The reply should hold every entry exactly as written and none of the pictures.

- - -

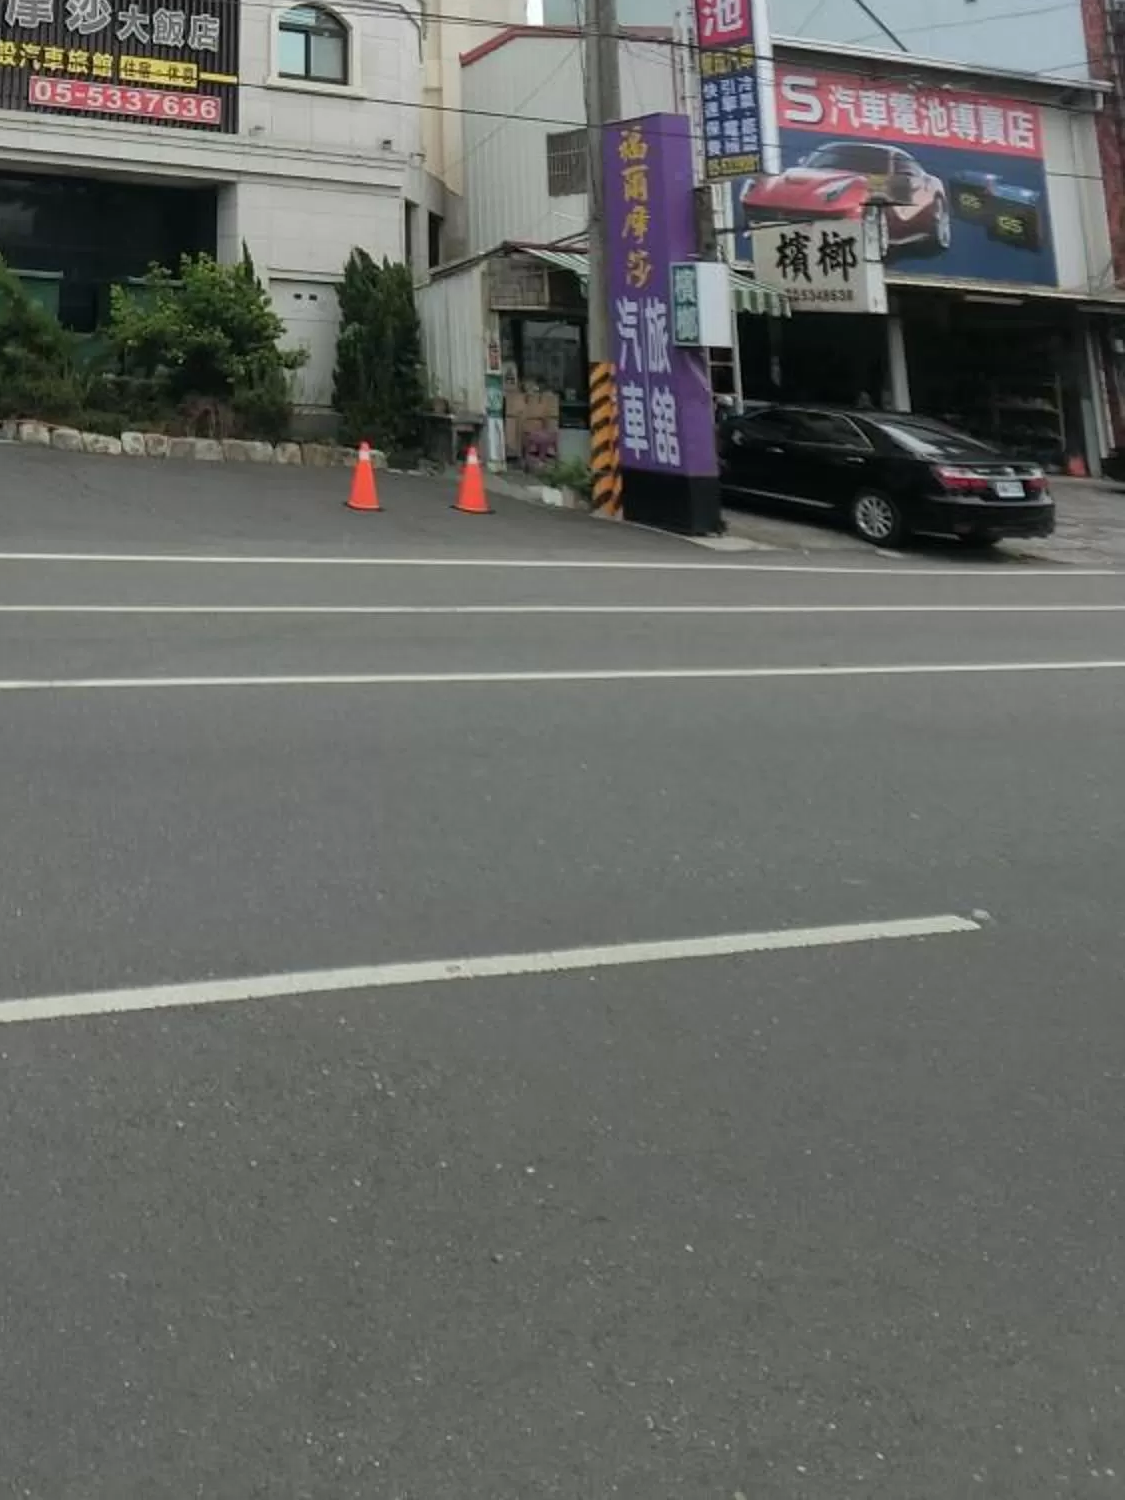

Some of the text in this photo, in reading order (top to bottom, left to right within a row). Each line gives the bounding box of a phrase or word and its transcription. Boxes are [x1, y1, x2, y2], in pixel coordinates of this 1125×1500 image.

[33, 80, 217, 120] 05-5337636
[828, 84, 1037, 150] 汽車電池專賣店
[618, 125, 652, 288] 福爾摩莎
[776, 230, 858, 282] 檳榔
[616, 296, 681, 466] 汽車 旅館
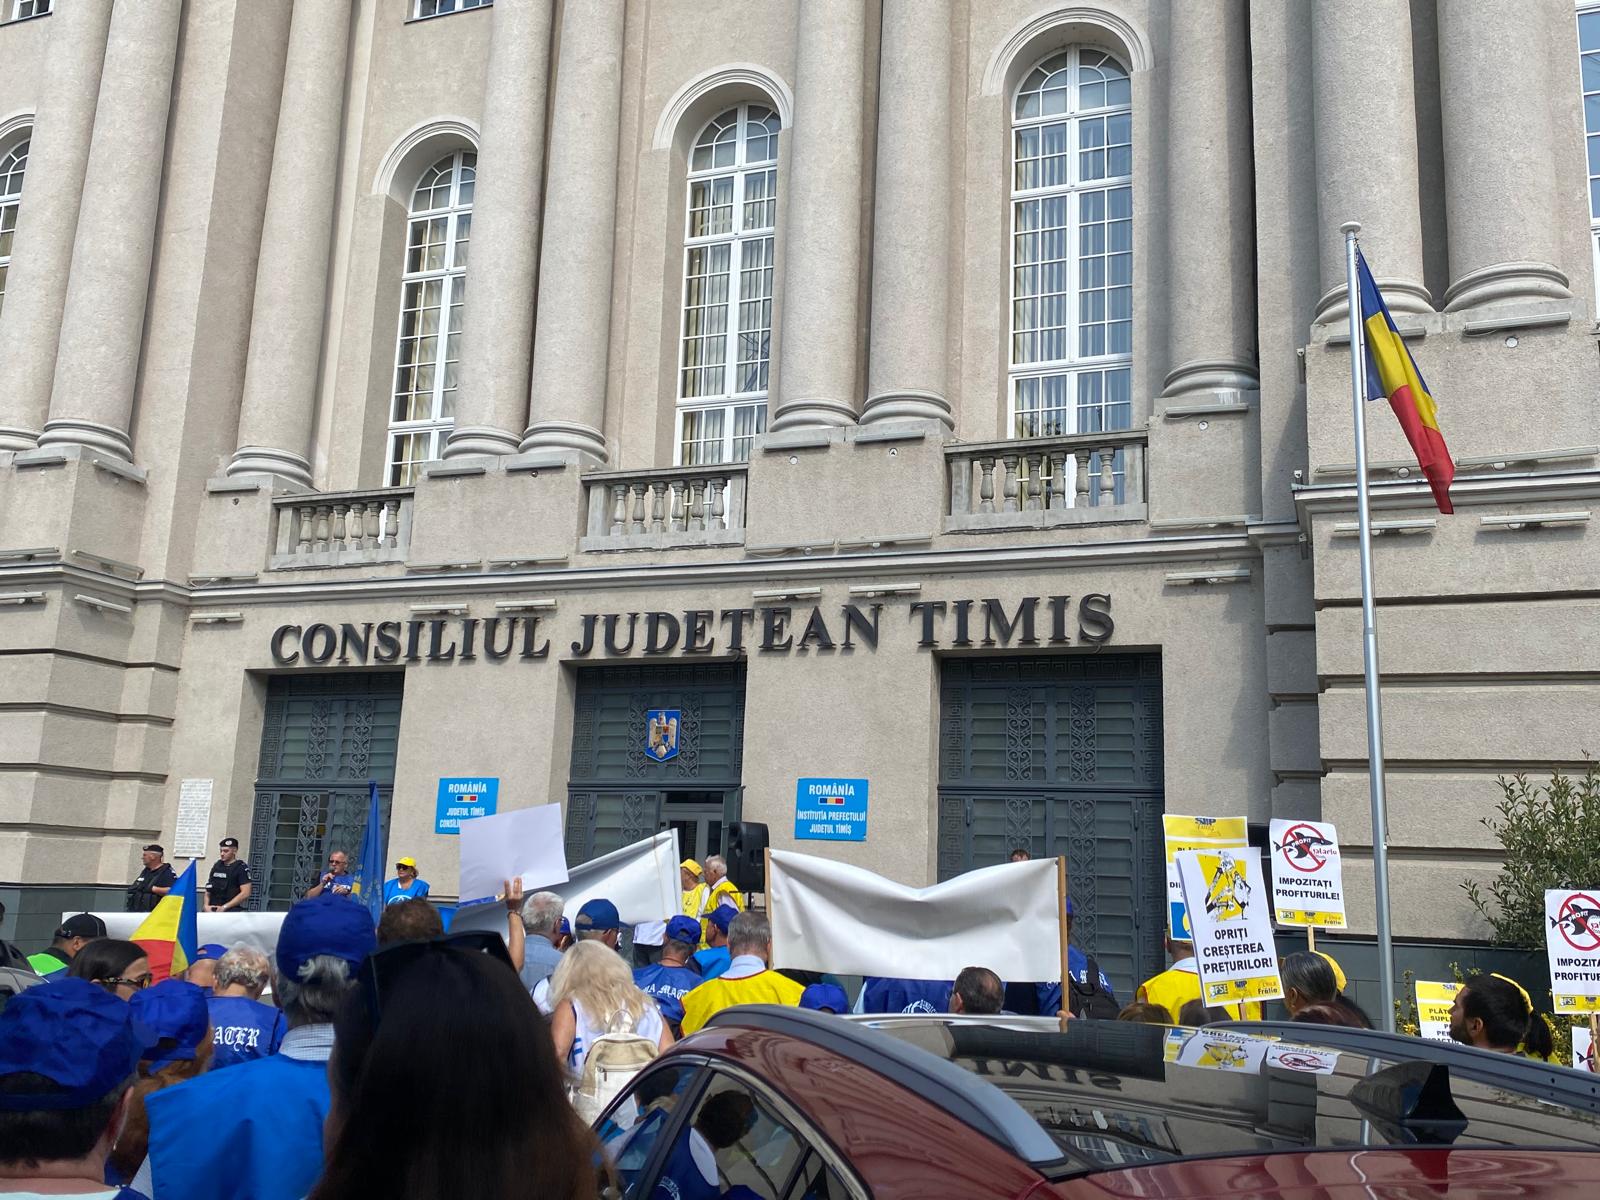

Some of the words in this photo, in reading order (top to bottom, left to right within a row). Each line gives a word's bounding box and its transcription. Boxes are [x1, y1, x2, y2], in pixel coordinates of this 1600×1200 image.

- - -

> **Finished task**:
Some of the text in this photo, in reading order (top to bottom, left to right within a row). Each line gives the bounding box of a phrase or word and its transcription. Boxes are [x1, y1, x2, y2], in pixel coordinates of this 1125×1500 image.

[33, 80, 217, 120] 05-5337636
[828, 84, 1037, 150] 汽車電池專賣店
[618, 125, 652, 288] 福爾摩莎
[776, 230, 858, 282] 檳榔
[616, 296, 681, 466] 汽車 旅館

Some of the words in this photo, in reading order (top to bottom, left to right within a row). Each line gives a word's bounding box and its transcription. Boxes are [x1, y1, x2, y2], in pixel coordinates of this 1600×1200 image.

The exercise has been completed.